‘Hinduism is Inclusive Rather than Exclusive’

Writer-diplomat-politician Pavan K Varma tells Medha Dutta that Hinduism as a religion cannot be separated from its philosophy. Excerpts from the interview.

Published: 01st July 2018 05:00 AM  |   Last Updated: 30th June 2018 07:54 PM   |  A+A-

Express News Service

Why Adi Shankaracharya?
Well, he symbolises in many ways the compressed cerebral energy of Hinduism. As a religion it is more or less a way of life. There is a tendency among Hindus that they have gone adrift from the remarkable philosophical underpinnings of their own religion. It is a religion based on the profundity of thought. It has emerged from a great intellectual journey. Shankaracharya—both for his life and his thought—is a good way to begin to once again bring to light where Hinduism is coming from. This book was a labour of love and a great discovery.

How difficult was the research part?
Most of my books are heavily researched and the subjects are also very eclectic. But research is a matter of discipline. Also, if you love something you will find time for it—it all boils down to time management. This book presented a particularly special challenge, but I welcome such challenges. When you are researching Shankaracharya, you are researching the entire country. What I found most interesting was the manner in which so many aspects of his life are still preserved, not only in memory, but in terms of actual, physical spots.

How would you define Hinduism today?
My worry is that today if people are adrift from Hinduism’s great philosophical moorings, Hinduism will, of course, survive as a religion—it is Sanatan Dharma—but it may be reduced to its lowest common denominator by self-anointed but illiterate protectors of the religion. 

Has the Hindutva line of thought overpowered Hinduism?
Hinduism is not a brittle simplicity; it is a complex range of profound thoughts. It is for that very reason, inclusive rather than exclusive. It is eclectic rather than intolerant. This is the greatness of Hinduism and that comes from its philosophy.

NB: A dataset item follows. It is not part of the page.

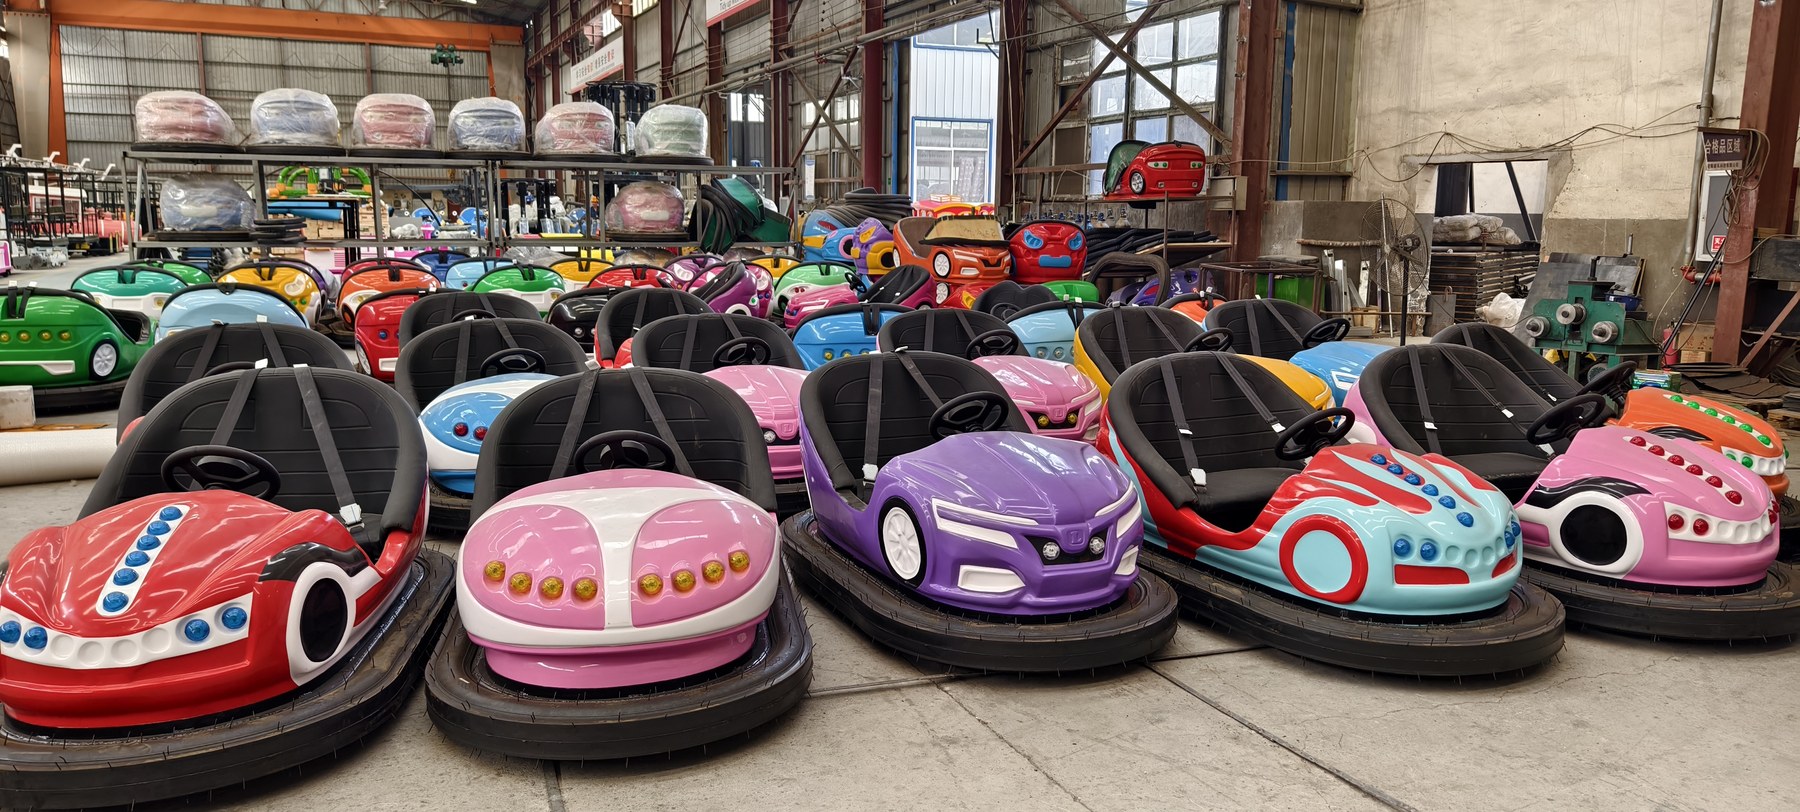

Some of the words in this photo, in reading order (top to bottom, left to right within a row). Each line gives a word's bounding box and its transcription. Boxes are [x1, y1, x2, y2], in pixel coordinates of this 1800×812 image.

Was writing this book a conscious decision to show what Hinduism is really all about?
I will not deny it. When I see that Hinduism is reduced in the name of religion to violence or hatred, or when I see moral brigades in the name of Hindu culture, or I see self-anointed evangelists introducing the element of ‘competitive Hinduismness’, I feel that somewhere a great wrong is being done. I have made an attempt to again give Hinduism the right pedestal that it deserves.